Une chose est certaine, nous Hommes et Femmes de Presse, nous ne pourrions jamais avoir la prétention d’affirmer que tous les écrits ou propos publiés ou diffusés par des journalistes dans l’exercice de leur profession sont avérés. Puisque, à l’instar de toute profession, les journalistes commettent aussi des erreurs voire des fautes. C’est pourquoi la Section 2 : Délits contre l’autorité et la chose publique de la Loi 00-046 AN RM du 07 juillet 2000 portant Régime de la presse et délit de presse, stipule en son Article 37 : « La publication, la diffusion ou la reproduction, par quelque moyen que ce soit, de nouvelles fausses, de pièces fabriquées, falsifiées ou mensongèrement attribuées à des tiers lorsque, faite de mauvaise foi, elle aura troublé la paix publique, sera punie d’un emprisonnement de onze jours à six mois et d’une amende de 50.000 à 150.000 francs ou de l’une de ces deux peines seulement ».

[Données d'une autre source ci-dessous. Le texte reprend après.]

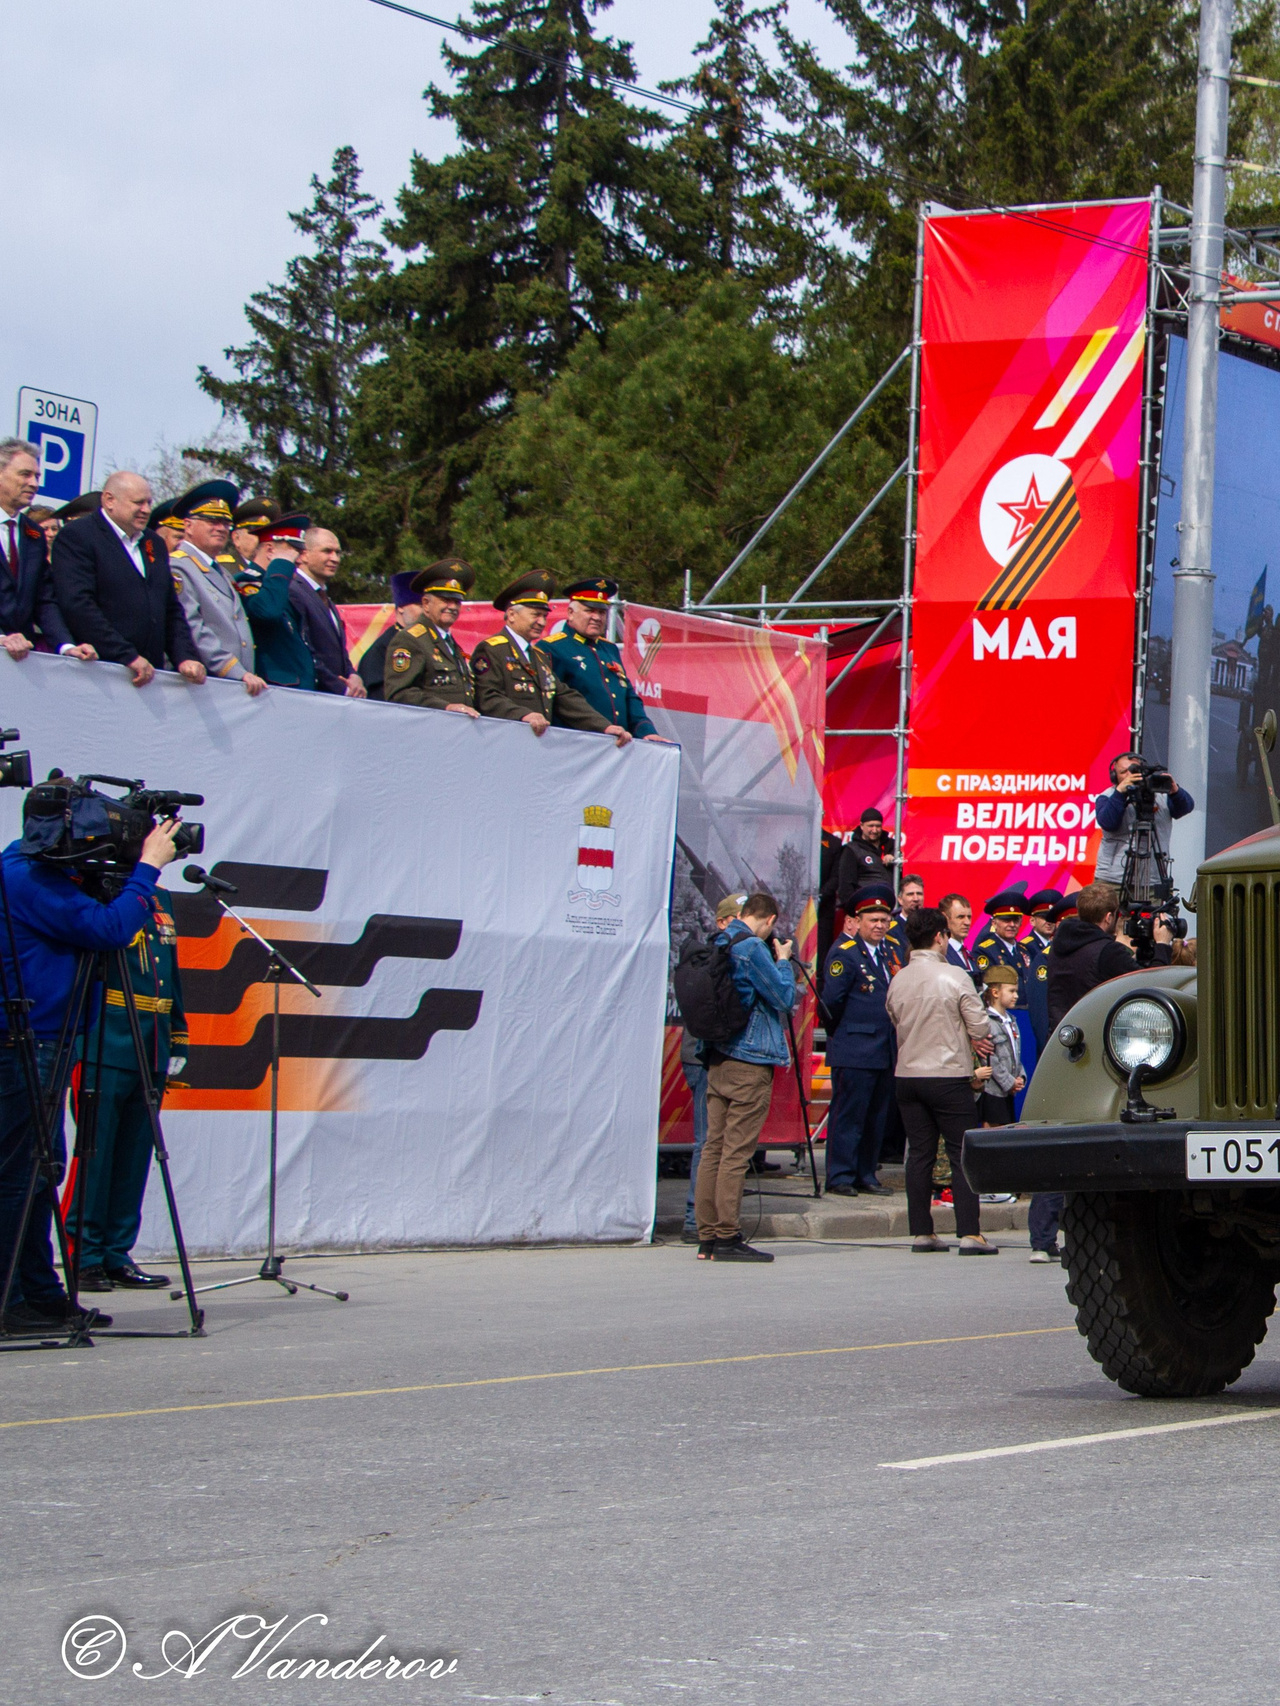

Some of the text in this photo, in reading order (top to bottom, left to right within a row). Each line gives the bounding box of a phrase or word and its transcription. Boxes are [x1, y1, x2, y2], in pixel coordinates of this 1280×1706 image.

Dès lors, il s’avère évident que tous faits de diffamations ou d’injures proférés par voie de presse contre une autorité publique, en l’occurrence la magistrature sont punissables. Pour autant, il existe une autre voie plus souple (extra judiciaire) de traiter cette affaire de diffamation qualifiée comme « une atteinte au crédit de la Justice » : Le Droit de Réponse. Le substitut du Procureur du Pôle de lutte contre la cybercriminalité, au lieu de mettre immédiatement sous mandat de dépôt notre confrère Togo, pouvait simplement lui signifier sa mise en cause puis lui imposer la publication d’un Droit de réponse provenant de l’appareil judiciaire. Cette procédure pédagogique et extrajudiciaire permettrait au citoyen lambda d’être édifié de façon transparente.
Oui l’on pouvait bel et bien, à travers le Droit de réponse, solder cette affaire « d’atteinte au crédit de la Justice » ! D’autant que la Section 2 : Du droit de réponse de la Loi portant Régime de la presse et délit de presse, en son Article 30, stipule que : « Toute personne physique ou morale citée ou mise en cause dans un organe médiatique dispose du droit de réponse dans les mêmes conditions fixées à la section 1. La réponse doit être diffusée ou publiée dans les conditions techniques équivalentes à celles dans lesquelles a été diffusé ou publié le message contenant l’imputation invoquée ». Mais l’on voit bien que le Procureur a préféré la voie de la sanction en faisant emprisonner notre confrère. Alors que la prison doit être une option exceptionnelle.
De toute façon, le métier de journaliste a principalement pour rôle de servir de sentinelle et d’alerte face à toutes éventuelles dérives au sein des Institutions de l’Etat mais aussi de simples citoyens. Pour ce faire, le journaliste engagé et indépendant ne pourra jamais se taire et il ne se lassera jamais d’aller crever l’abcès là où il peut se trouver. Bien sûr, en respectant l’éthique et la déontologie de notre métier mais aussi et surtout les dispositions constitutionnelles et légales de notre pays. Que cela soit donc clair, on n’abandonnera à aucun prix l’espace d’expression dont on dispose. Car, celui-ci représente pour nous, la quintessence même de notre existence au plan national.